Epilepsy, also known as a seizure disorder, is a neurological condition affecting the nervous system. Epileptic seizures are caused by disturbances in the electrical activity of the brain. These seizures may be related to a brain injury or a family tendency, but most of the time the cause is unknown. In fact, in two-thirds of patients diagnosed with epilepsy, the cause is unknown.

Dr. Joseph Sirven, chair of Neurology at Mayo Clinic Arizona, says, "Epilepsy can affect anyone at any age. One out of 26 Americans have a risk of developing epilepsy. Some people are born with it. Some may have a genetic reason for their seizures. Head trauma, infections, strokes, hemorrhages and even Alzheimer's disease can potentially cause seizures or epilepsy."

Watch: Dr. Joseph Sirven discusses epilepsy.

Journalists: Broadcast quality sound bites with Dr.
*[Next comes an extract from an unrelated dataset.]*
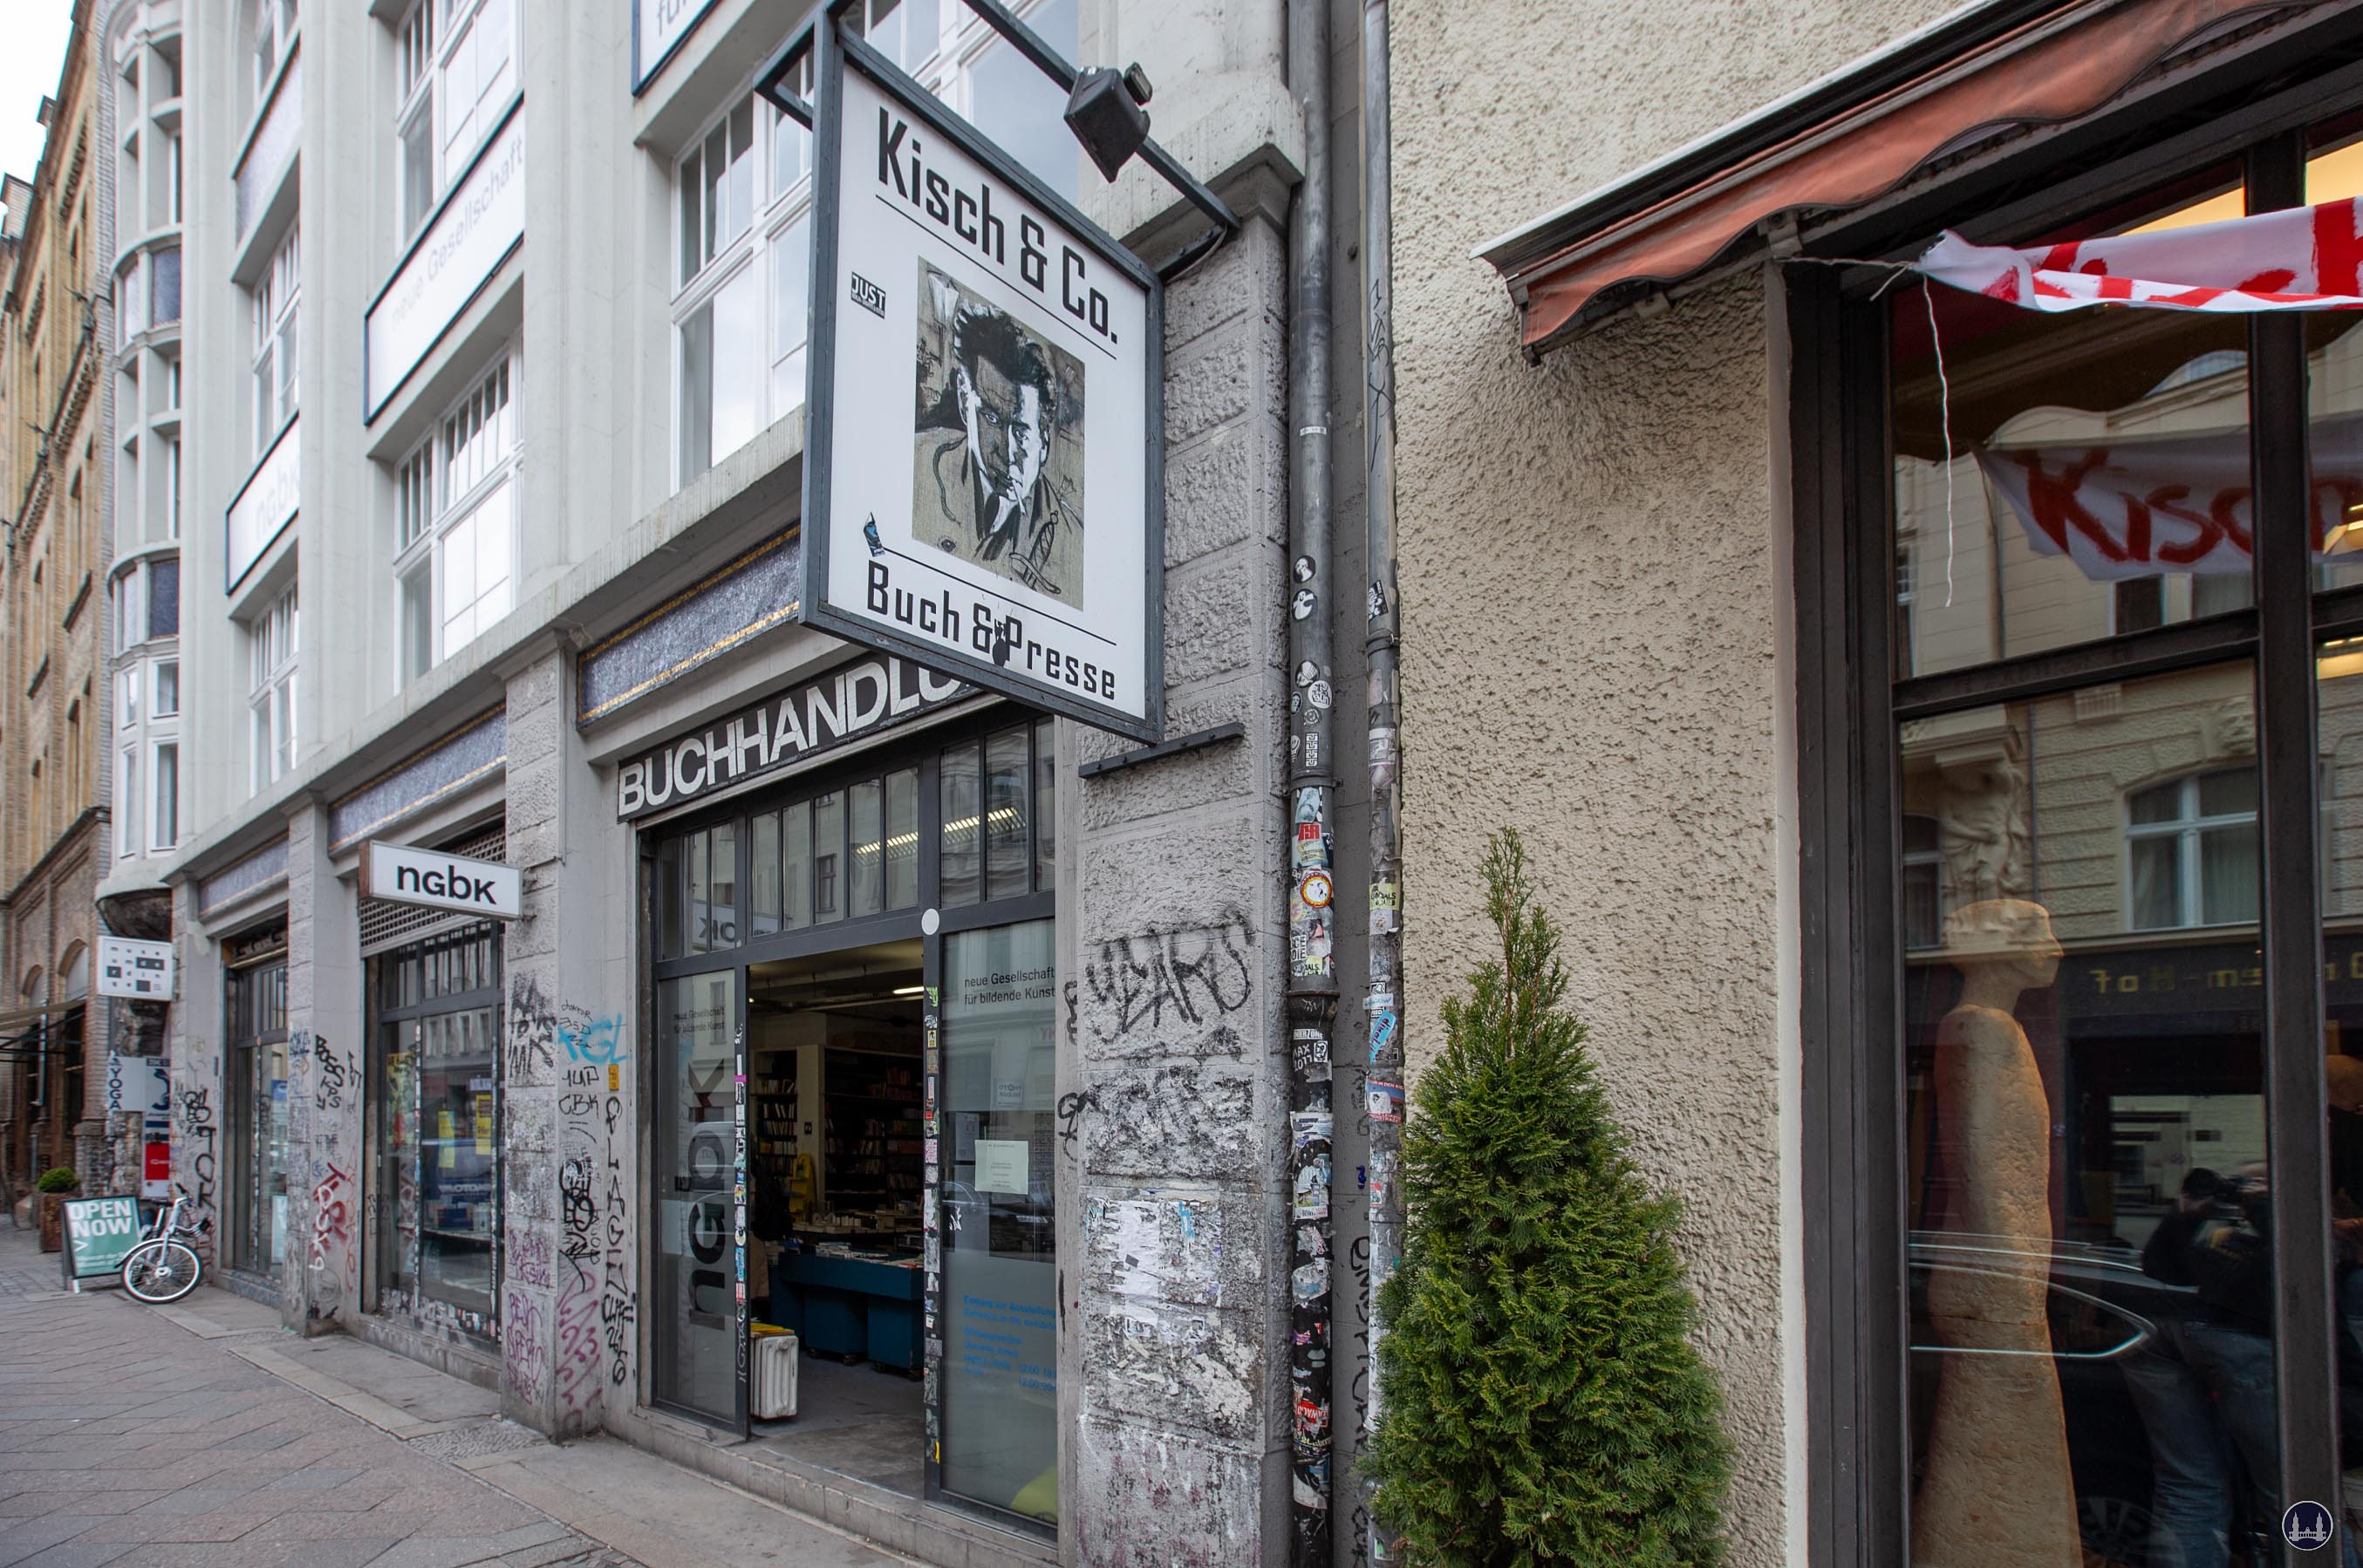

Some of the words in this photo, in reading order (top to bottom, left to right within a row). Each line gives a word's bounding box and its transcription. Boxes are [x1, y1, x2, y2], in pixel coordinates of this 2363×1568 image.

Sirven are in the downloads.

Misinformation and epilepsy stereotypes often prevent people with this seizure disorder from getting needed care. "There's a strong stigma that has existed for many years that only through talking about it that you can find a way to mitigate it and lessen its impact," says Dr. Sirven.

Some forms of epilepsy are curable, says Dr. Sirven. "There are some surgeries, for instance, that are done for epilepsy if you are a candidate and have a discreet location that can be eliminated. And there are other epilepsies that are not curable but may be controllable."

 "Every brain has a potential to have a seizure. It just depends on what the circumstances are, and what the conditions are that may lead to a seizure or epilepsy in some people." - Dr. Sirven

For home management options, Dr. Sirven stresses to avoid alcohol, get plenty of rest and to find ways to manage stress. He says if those options don't work, "Treatment starts out with medication. We have more than 20 of these available in the US. There are surgical options if medication does work. There are implantable devices that act like pacemakers if surgery is not an option. There's also a ketogenic diet and so many options out there. And, importantly, so many more options are being explored for its management."

Dr. Sirven says if you have questions about seizures or epilepsy there are many resources available to help you better understand and manage the chronic condition.